8. Unhealthy Cafeteria Food
Now, here is where we rock. We have an amazing culinary arts programme that provides great, healthy food choices for our lunch menus. We are also part of a BC agriculture programme where fresh fruits and vegetables are delivered bi-weekly and distributed to the whole school (usually in period 2). Excellent!
9. Starting School at 8 o’clock for teenagers
Now this is where we are trying to change things. We are currently going through a process to move towards a common lunch (at the moment, students could have lunch in periods 1,2,3,4, or 5). However, the Culture, Community, Connectedness working group is looking at modifying our schedule to a common lunch (period 3) and then have various classes, where most will start at 9:00 am, except for a few select electives that fit nicely into the morning class spots. Optimistically moving forward.
10. Buying poster-, website-, pamphlet design
We already do all our designing through our student courses of Digital Programming and ICT. The website, however, is set for district consistency.

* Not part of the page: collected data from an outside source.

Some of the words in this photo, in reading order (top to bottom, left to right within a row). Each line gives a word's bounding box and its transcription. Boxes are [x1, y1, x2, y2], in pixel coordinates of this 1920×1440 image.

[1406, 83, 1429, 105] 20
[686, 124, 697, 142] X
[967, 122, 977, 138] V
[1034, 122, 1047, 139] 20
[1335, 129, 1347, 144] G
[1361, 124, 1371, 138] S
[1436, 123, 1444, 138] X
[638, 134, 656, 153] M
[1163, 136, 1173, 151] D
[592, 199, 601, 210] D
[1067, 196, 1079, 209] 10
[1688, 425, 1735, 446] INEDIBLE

Ongoing improvements.
11. Traditional Libraries
The new school will not have a library. It will be a Learning Commons, with multiple levels depending on what students want from it. There will be quiet study spaces, group spaces, lounge spaces and reading areas. I really look forward to seeing this in action. Optimistically moving forward.

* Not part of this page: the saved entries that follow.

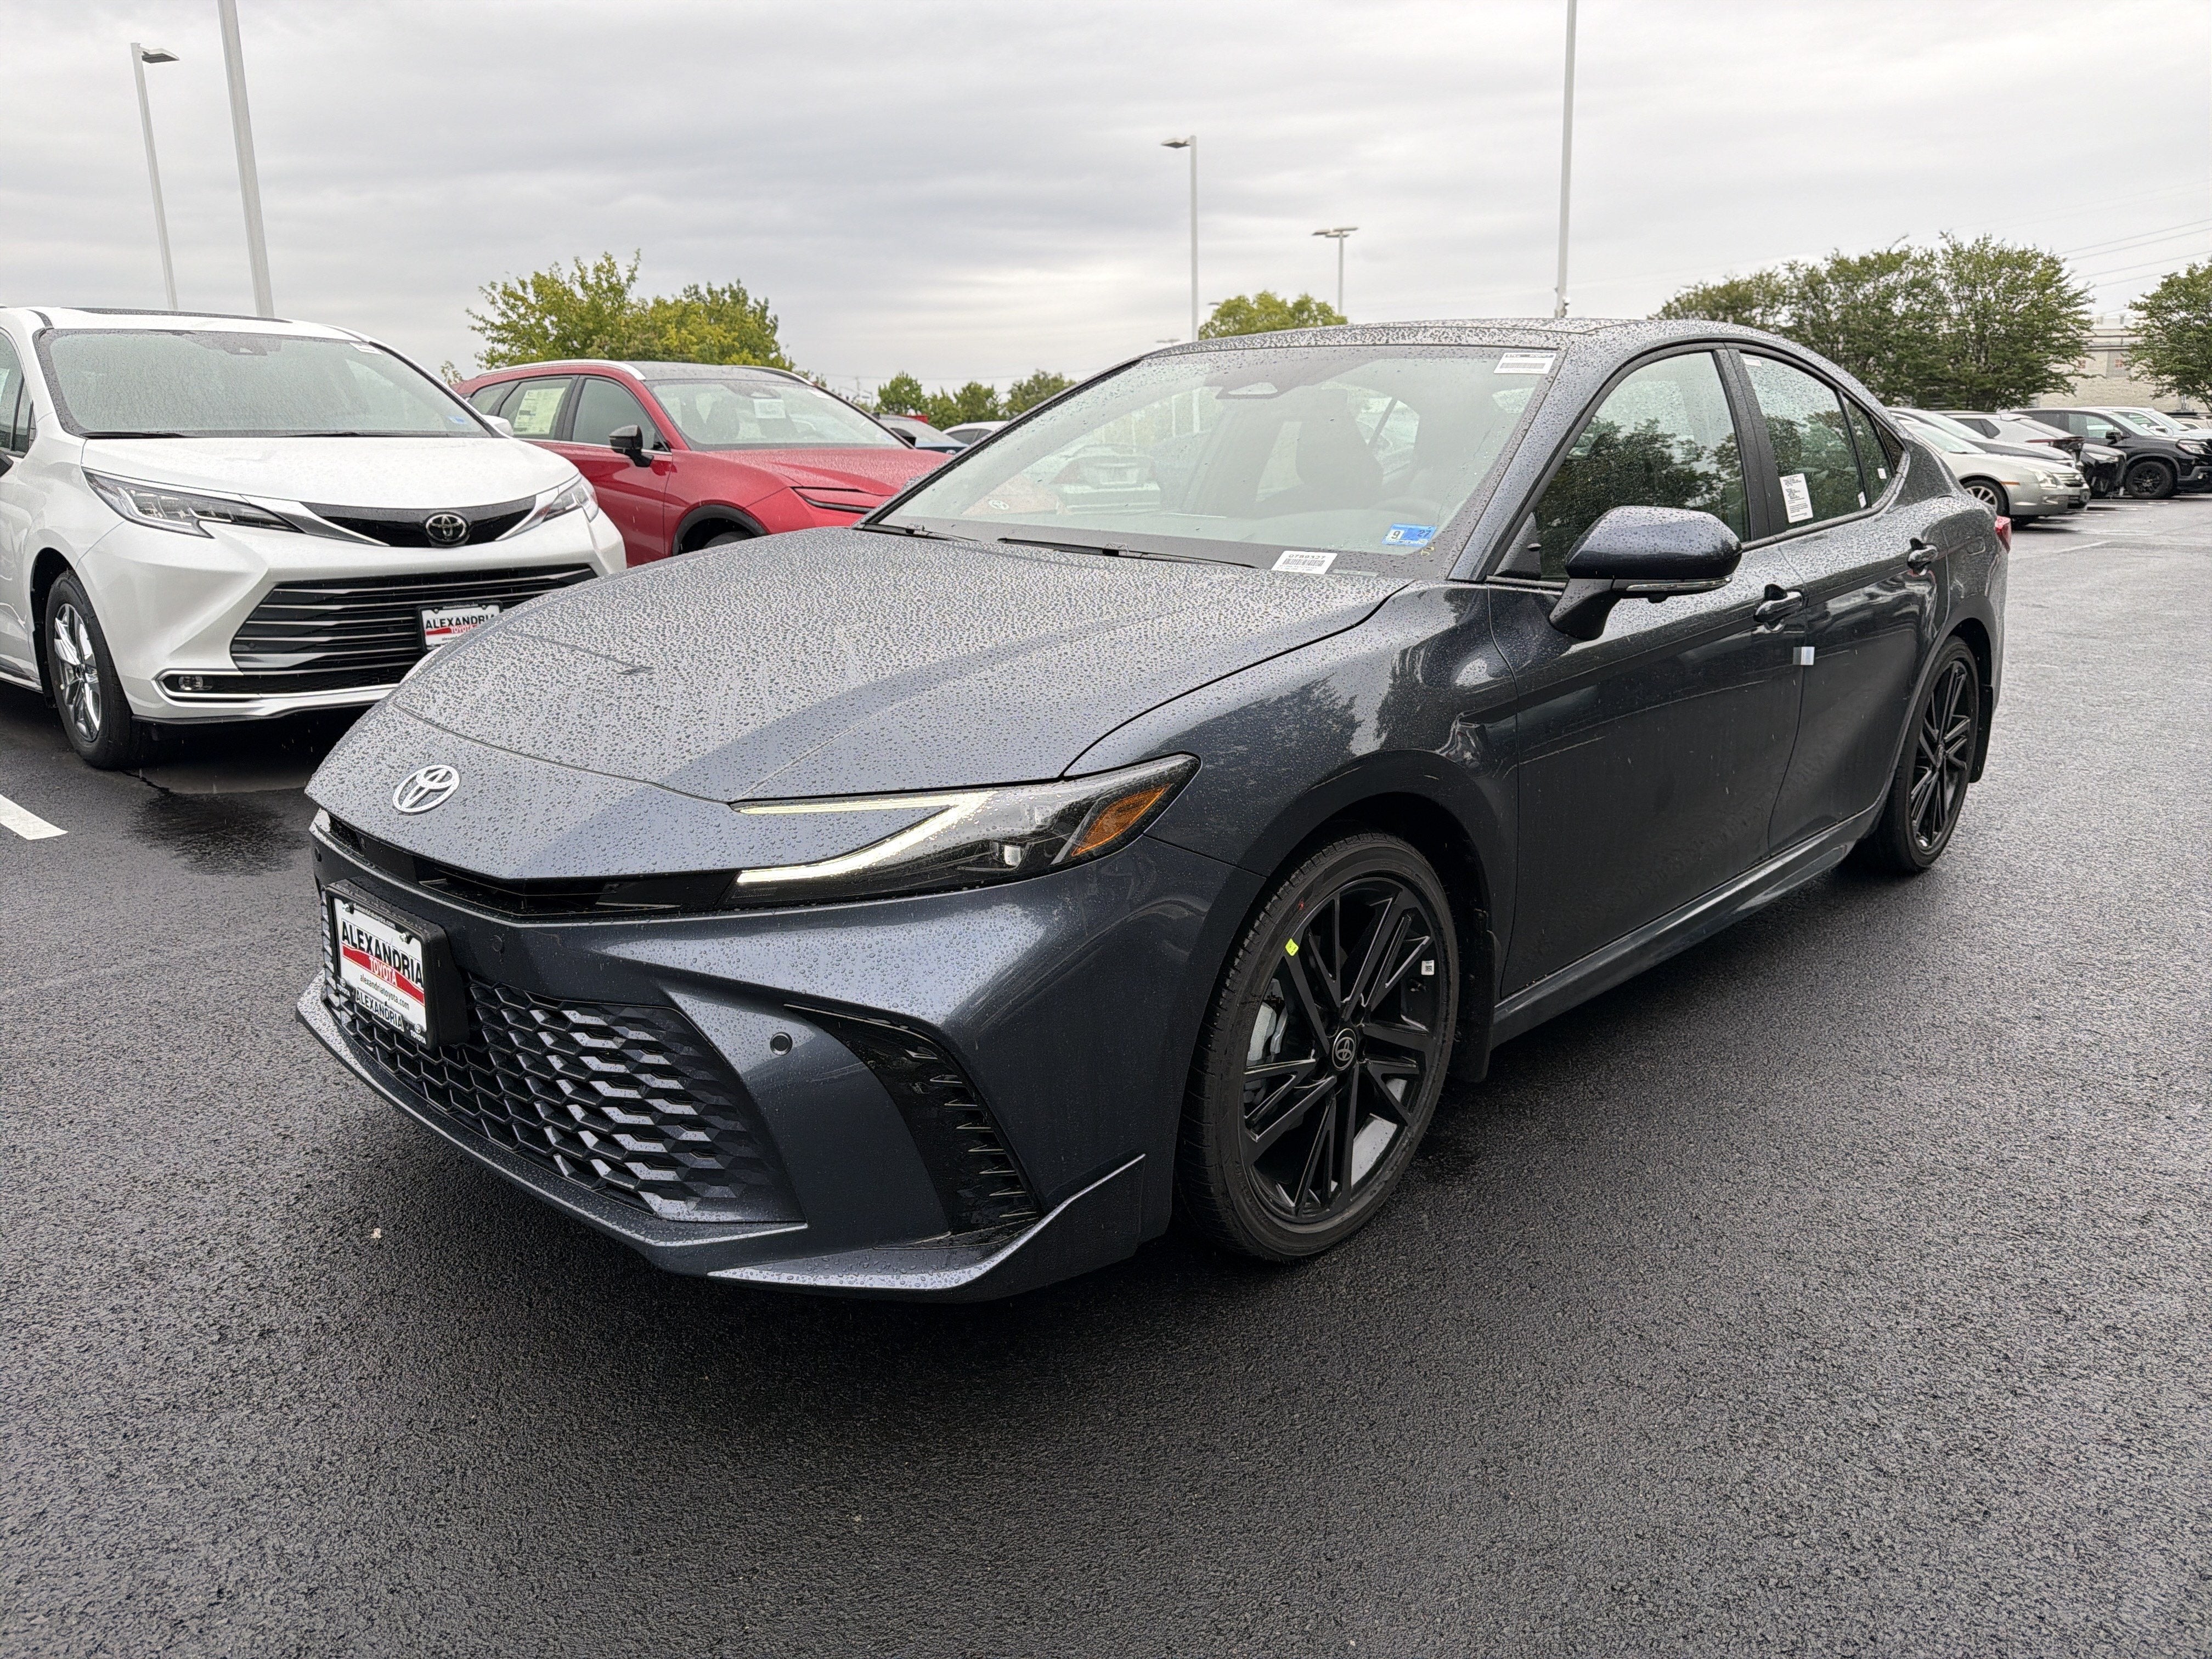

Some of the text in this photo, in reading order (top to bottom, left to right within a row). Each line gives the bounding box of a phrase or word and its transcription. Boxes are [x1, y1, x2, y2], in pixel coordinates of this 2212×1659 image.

[1391, 530, 1401, 539] 9
[342, 921, 424, 986] ALEXANDRIA
[369, 956, 398, 987] TOYOTA
[360, 973, 410, 1011] alexandriatoyota.com
[356, 989, 405, 1032] ALEXANDRIA
[410, 1030, 427, 1045] TOYOTA

12. All students get the same
With our wide range of choices for electives (ACE-IT trades, mechanics, culinary arts, media arts, computer programming, multiple athletic courses, AP courses, trades maths and sciences), not one student would have the same experience in their education and learning while at Centennial. There are literally thousands of opportunities within the school and even more, when we add the distance learning opportunities. We have cross-enrolled students taking some courses with us and some with other campuses in the district. Ongoing improvements.
13. One-professional development fits all
Professional Development is in the realm of the teachers. They have autonomy over what they want to work on, as well as where. We have learning groups looking at assessment, grading, technology, differentiation and many others. There are scheduled professional development days which are planned with administration and teachers to provide areas of interest to the school. Excellent.
14. Standardized tests to measure the quality of the education
Unfortunately, our province continues to use standardized testing on grades 4, 7, 10, 11, and 12. The grades 4 and 7 have an opt-out clause for parents not wishing their children to participate, but the grades 10,11, and 12 are mandatory for the graduation tract.These tests are used by organizations like the Fraser Institute to ‘rank’ schools in annual report cards. They are not used to evaluate teachers, but the added stress of exams worth 20%-40% of the final, blended mark remove many opportunities to go deeper into the disciplines of Mathematics, Science, Socials and English. There is some talk at the Ministry level around moving away from these exams, particularly in light of the new BC Education Plan. And organizations like Great Schools are working on documents that support multiple ways of assessing students without the use of such standardized testing. Optimistic, but not there, yet.
I am optimistic about the future of Centennial as we move forward towards the district concept of Learning Without Boundaries.